The Court had frequently found violations of Article 6 § 1 of the Convention and Article 1 of Protocol No. 1 in cases raising issues similar to the ones in the applicant's case. Having examined the material submitted before it, the Court found that by failing for years to comply with the enforceable judgment in the applicant's favour the domestic authorities prevented him from receiving the money to which he was entitled. There had accordingly been a violation of Article 6 of the Convention and of Article 1 of Protocol No. 1.

***

The Court's judgments are accessible on its Internet site (http://www.echr.coe.int).

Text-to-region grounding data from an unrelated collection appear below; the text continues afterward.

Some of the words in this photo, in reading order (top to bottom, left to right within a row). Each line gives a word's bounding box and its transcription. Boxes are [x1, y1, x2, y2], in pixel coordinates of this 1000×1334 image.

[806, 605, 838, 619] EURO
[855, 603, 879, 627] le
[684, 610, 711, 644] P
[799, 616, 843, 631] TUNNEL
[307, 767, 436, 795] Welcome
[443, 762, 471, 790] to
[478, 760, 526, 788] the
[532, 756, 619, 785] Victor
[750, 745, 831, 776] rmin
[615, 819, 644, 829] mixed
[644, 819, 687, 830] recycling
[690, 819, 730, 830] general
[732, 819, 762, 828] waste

Registry of the European Court of Human Rights

F - 67075 Strasbourg Cedex

Press contacts: Roderick Liddell (telephone: +00 33 (0)3 88 41 24 92)

Emma Hellyer (telephone: +00 33 (0)3 90 21 42 15)

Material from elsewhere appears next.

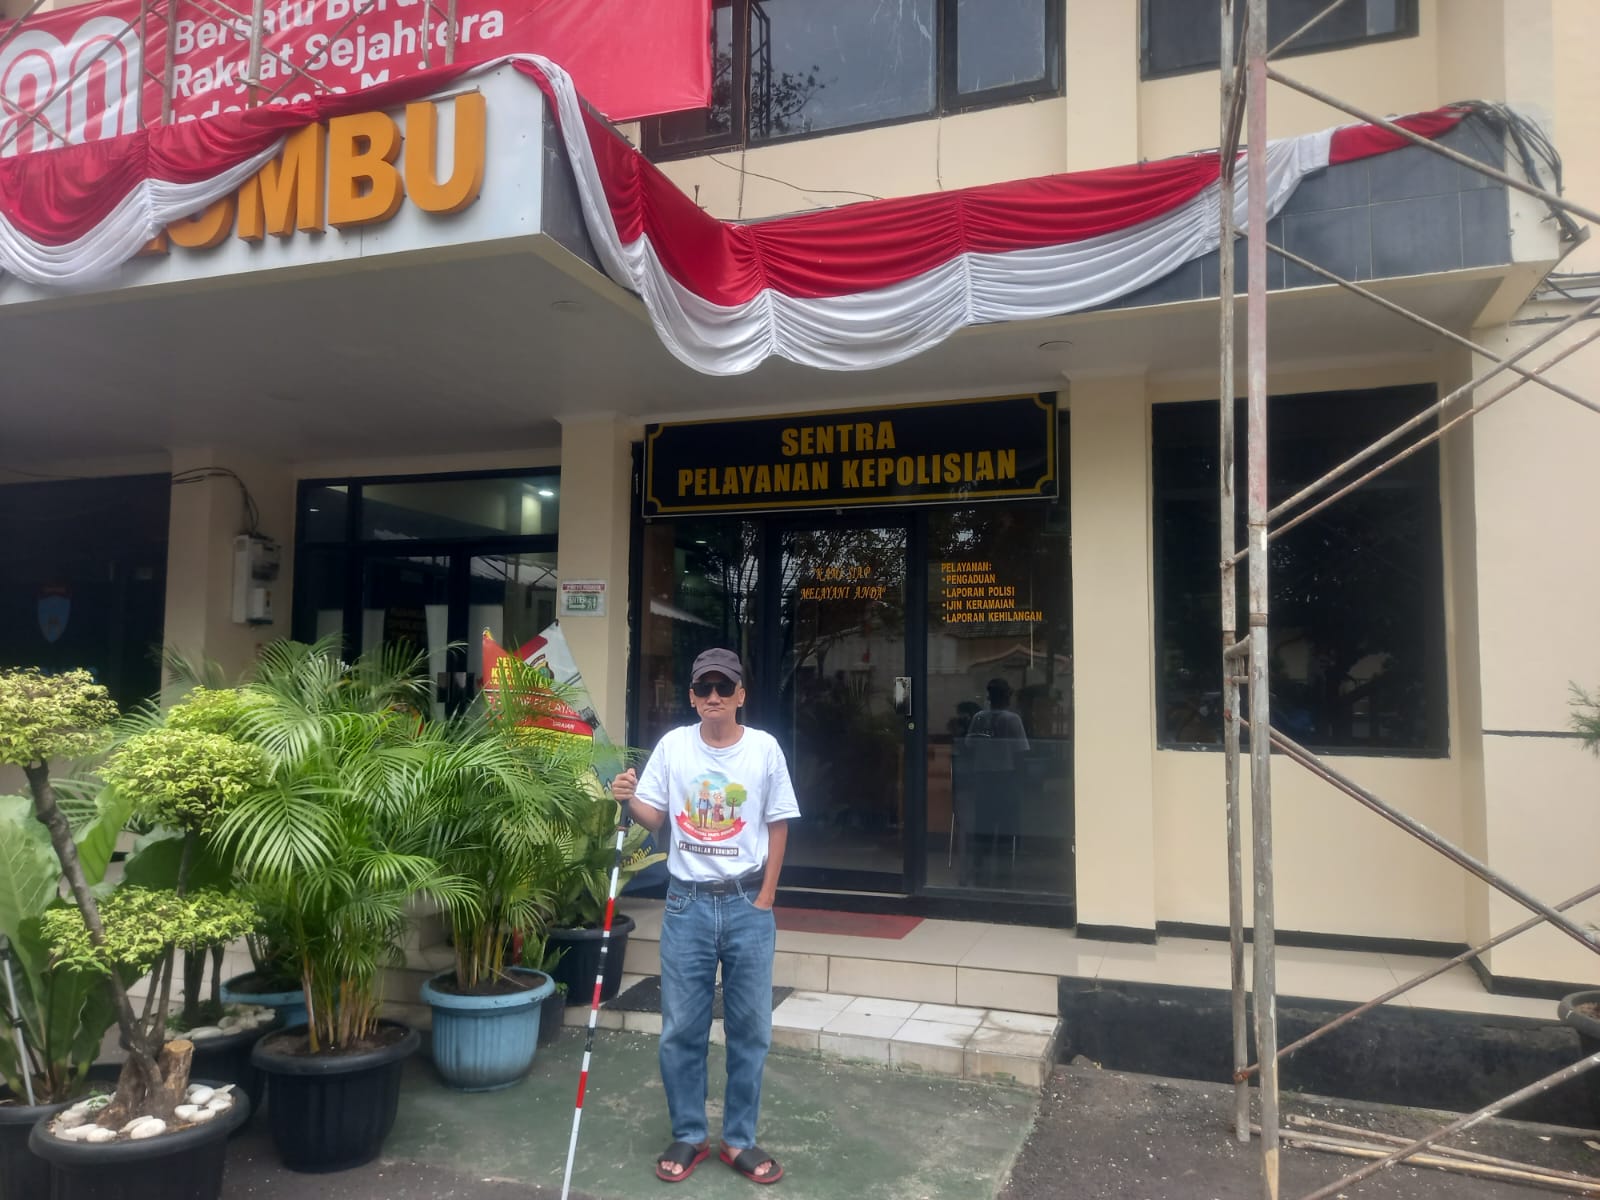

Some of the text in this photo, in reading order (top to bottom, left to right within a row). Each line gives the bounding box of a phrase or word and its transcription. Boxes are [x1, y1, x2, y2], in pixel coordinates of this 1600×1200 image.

Stéphanie Klein (telephone: +00 33 (0)3 88 41 21 54)

Beverley Jacobs (telephone: +00 33 (0)3 90 21 54 21)

Fax: +00 33 (0)3 88 41 27 91

The European Court of Human Rights was set up in Strasbourg by the Council of Europe Member States in 1959 to deal with alleged violations of the 1950 European Convention on Human Rights. Since 1 November 1998 it has sat as a full-time Court composed of an equal number of judges to that of the States party to the Convention. The Court examines the admissibility and merits of applications submitted to it. It sits in Chambers of 7 judges or, in exceptional cases, as a Grand Chamber of 17 judges. The Committee of Ministers of the Council of Europe supervises the execution of the Court's judgments.

[1] Under Article 43 of the European Convention on Human Rights, within three months from the date of a Chamber judgment, any party to the case may, in exceptional cases, request that the case be referred to the 17 member Grand Chamber of the Court. In that event, a panel of five judges considers whether the case raises a serious question affecting the interpretation or application of the Convention or its protocols, or a serious issue of general importance, in which case the Grand Chamber will deliver a final judgment. If no such question or issue arises, the panel will reject the request, at which point the judgment becomes final. Otherwise Chamber judgments become final on the expiry of the three-month period or earlier if the parties declare that they do not intend to make a request to refer.

[2] This summary by the Registry does not bind the Court.